Así llegamos a una especie de pequeña planicie donde los árboles habían sido talados y el césped se intercalaba con algunas plantaciones de verduras. Unas cuantas cabañas se apiñaban en uno de los lados. Era una pequeña aldea en la montaña.  Pero lo que más me sorprendió es ver una red de voleyball en medio del claro. En Etiopía el volley es un deporte muy practicado, quedando sólo por detrás de correr y el fútbol.

Unos 10 chicos jóvenes jugaban al fútbol. Cuando aparecí se quedaron sorprendidos y se reían mirándome. Al final me ofrecí a jugar con ellos y se pusieron a chutarme penaltys. Servidor, de jugador no da para mucho, pero jugué de portero en la liga nacional española de fútbol sala y se me sigue dando bastante bien la cosa. Así que les desesperé porque empecé a parar todo.

Al final, al duodécimo intento, consiguieron meterme gol y lo celebraron a lo grande.

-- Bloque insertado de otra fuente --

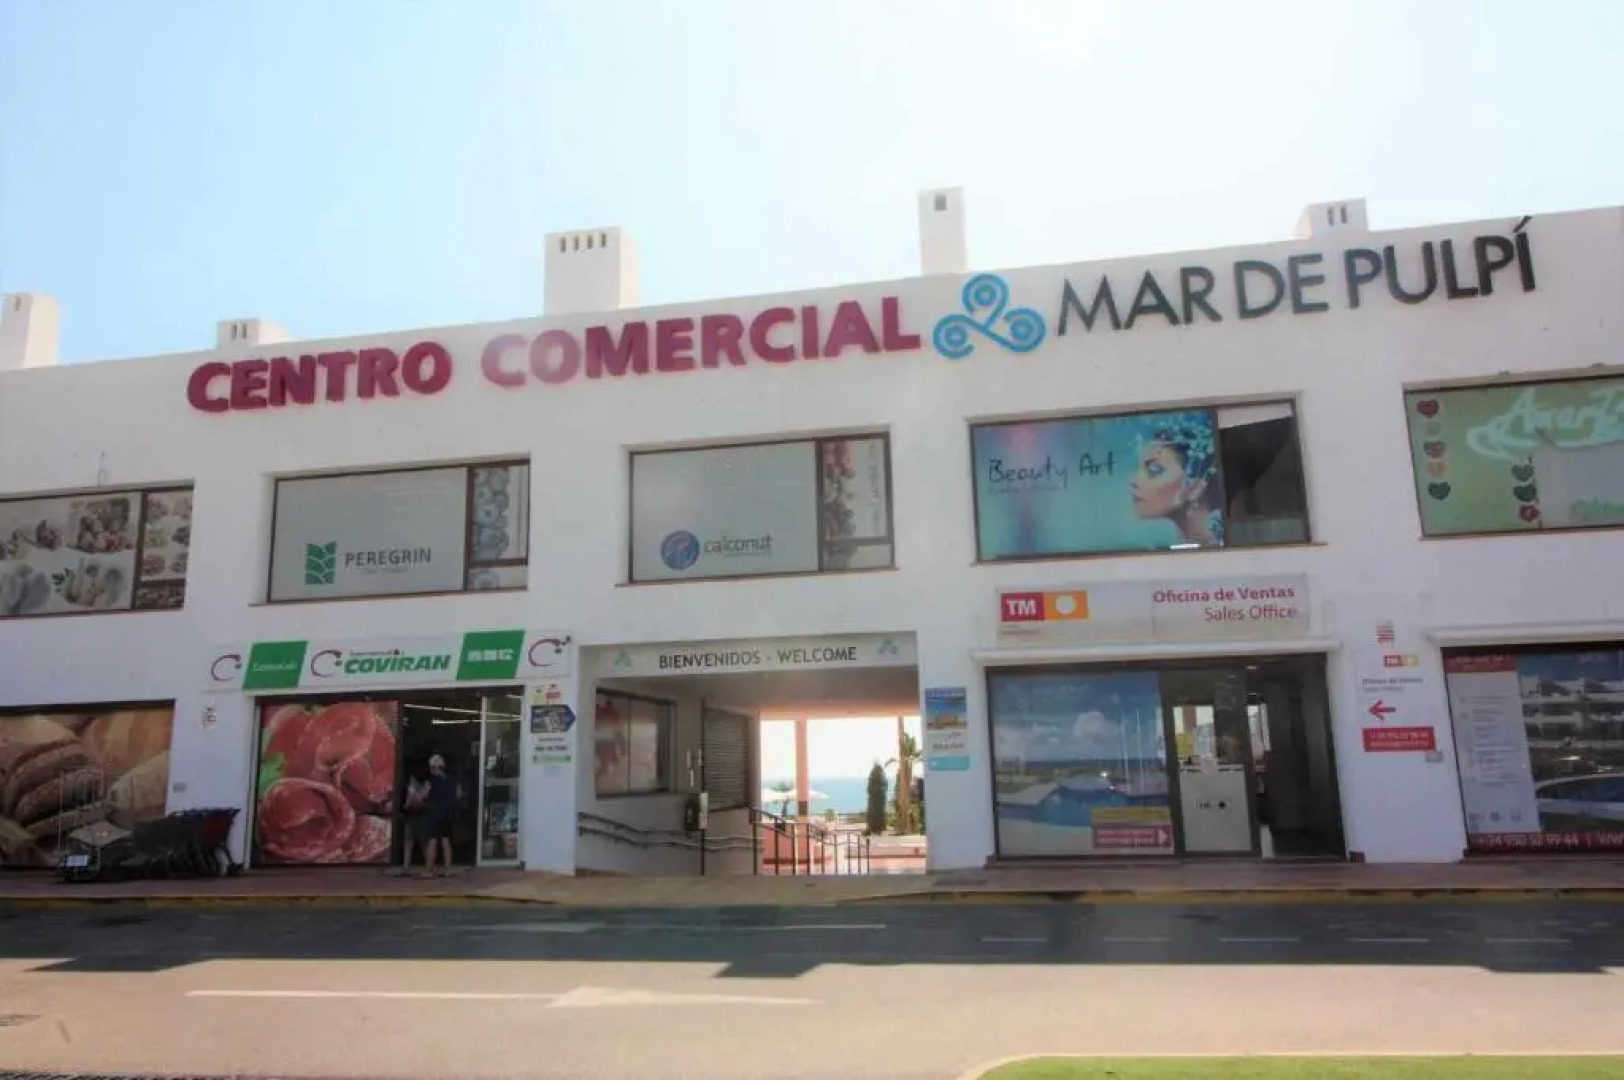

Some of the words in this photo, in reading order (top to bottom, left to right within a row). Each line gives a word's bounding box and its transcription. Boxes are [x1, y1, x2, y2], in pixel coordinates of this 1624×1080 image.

[1057, 264, 1223, 337] MAR
[1234, 252, 1328, 320] DE
[1344, 215, 1536, 309] PULPÍ
[187, 340, 453, 414] CENTRO
[481, 296, 921, 389] COMERCIAL
[988, 456, 1069, 489] Beauty
[1079, 452, 1117, 478] Art
[344, 548, 431, 567] PEREGRIN
[1153, 590, 1209, 604] Oficina
[1214, 587, 1234, 601] de
[1238, 586, 1295, 600] Ventas
[1006, 599, 1037, 616] TM
[1204, 606, 1244, 621] Sales
[1249, 604, 1297, 619] Office
[344, 655, 451, 674] COVIRAN
[659, 651, 761, 669] BIENVENIDOS
[777, 646, 857, 664] WELCOME

Pero ya estaba bien de fútbol. Ahora tocaba volley. Nos invitaron a jugar con ellos y así lo hicimos. Acabamos reventados (incluyendo a Samuel). Jugamos casi dos horas con ellos y me pegué una sudada tremenda a pesar de la fresca temperatura reinante.

Lo pasé genial. Esto es lo que buscaba en África. Bueno, esto es lo que busco en todos mis viajes: interactuar con la gente del lugar y pasarlo lo mejor posible. Además, la excusa del deporte siempre es perfecta.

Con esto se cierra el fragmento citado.